The recent COP27 has served as a reminder to us all that climate change needs to remain on the global agenda. Consumers are becoming more and more aware about how the actions they take today can build towards a better future for the planet. We ourselves have seen an increase in members of the public having greater awareness of the negative environmental impact caused by equipment ending up outside the supply chain – and informing our investigations team of misplaced equipment found where it shouldn’t be.
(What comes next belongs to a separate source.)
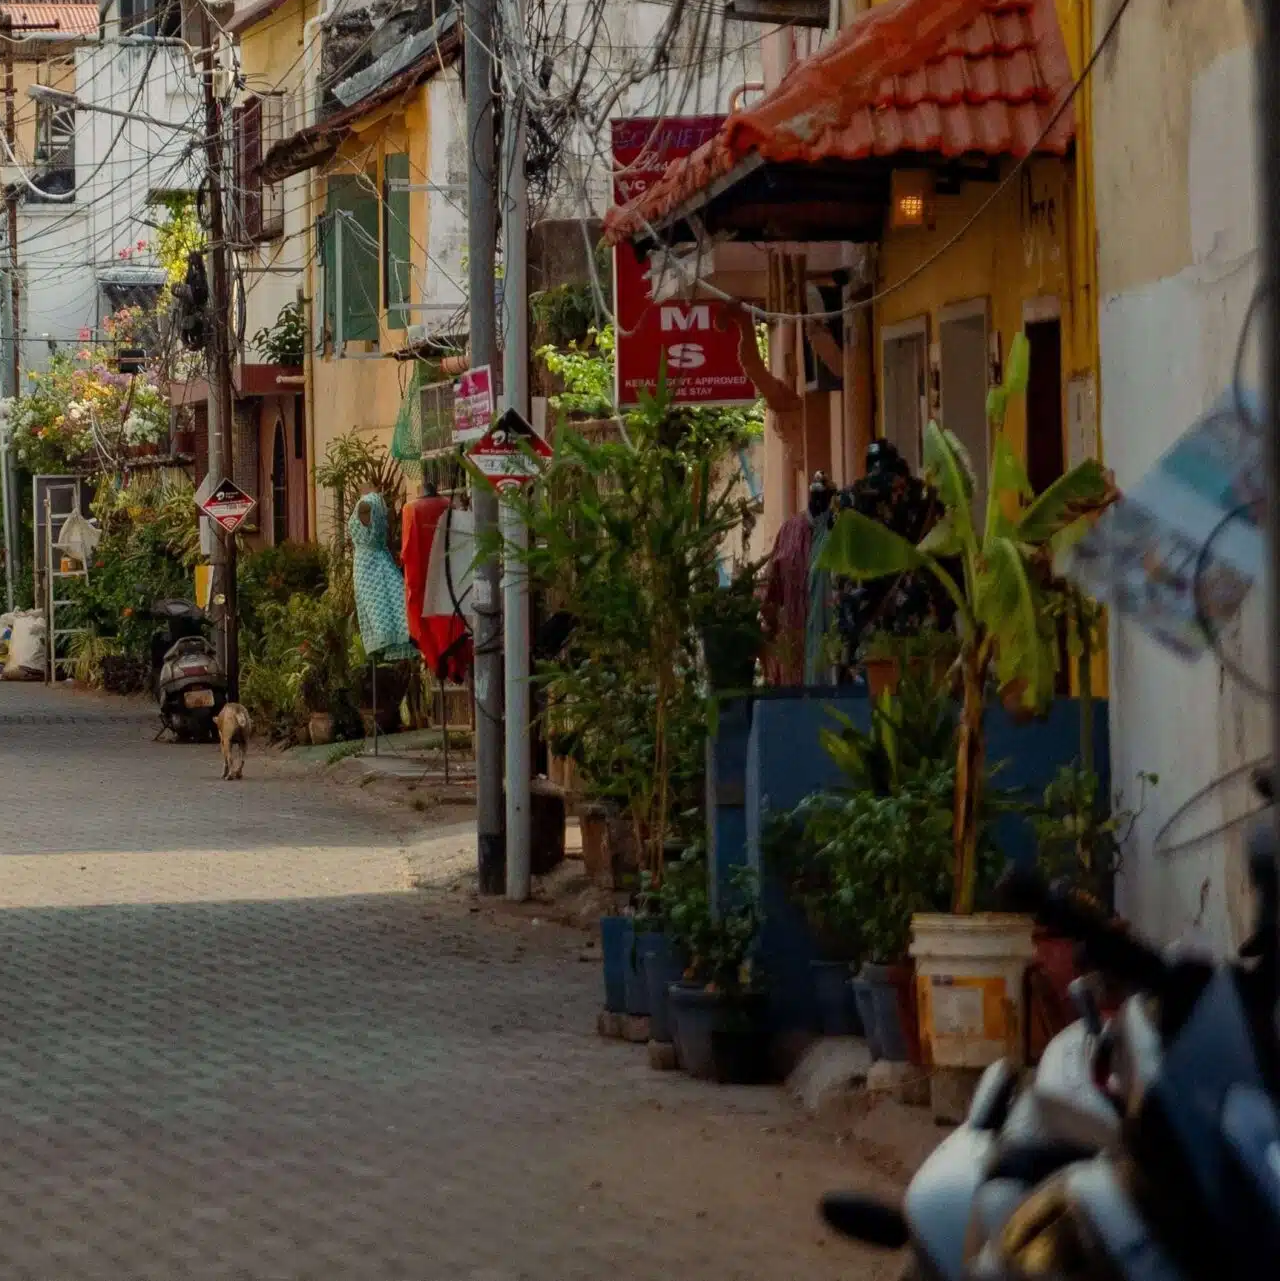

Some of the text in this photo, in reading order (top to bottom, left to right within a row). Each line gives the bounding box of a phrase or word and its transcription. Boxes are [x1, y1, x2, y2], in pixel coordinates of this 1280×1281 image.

[624, 378, 658, 388] KERAL
[694, 376, 747, 385] APPROVED
[689, 387, 713, 396] STAY
It shows that the message is getting through and reaching a wider audience – but we mustn’t forget that it’s an imperative for businesses and governments too to put plastic waste and waste crime back on the agenda. Cracking down on rogue carriers of waste is an area that’s very close to Bakers Basco’s heart; this is absolutely the source in which illegal recyclers are getting away with unlawfully collecting our plastic bread baskets and dollies, then selling them on to rogue recyclers and gaining huge profits – at the expense of others. We need more enforcement in the UK to catch the rogue carriers who are dealing with waste – or perceived waste – in an unlawful manner.
With the right enforcement, it will not only help curb theft and support those businesses and industries who suffer as a result of stolen or missing equipment, but it could also help to save the planet. And that’s the only trend that we really need to see happen in 2023.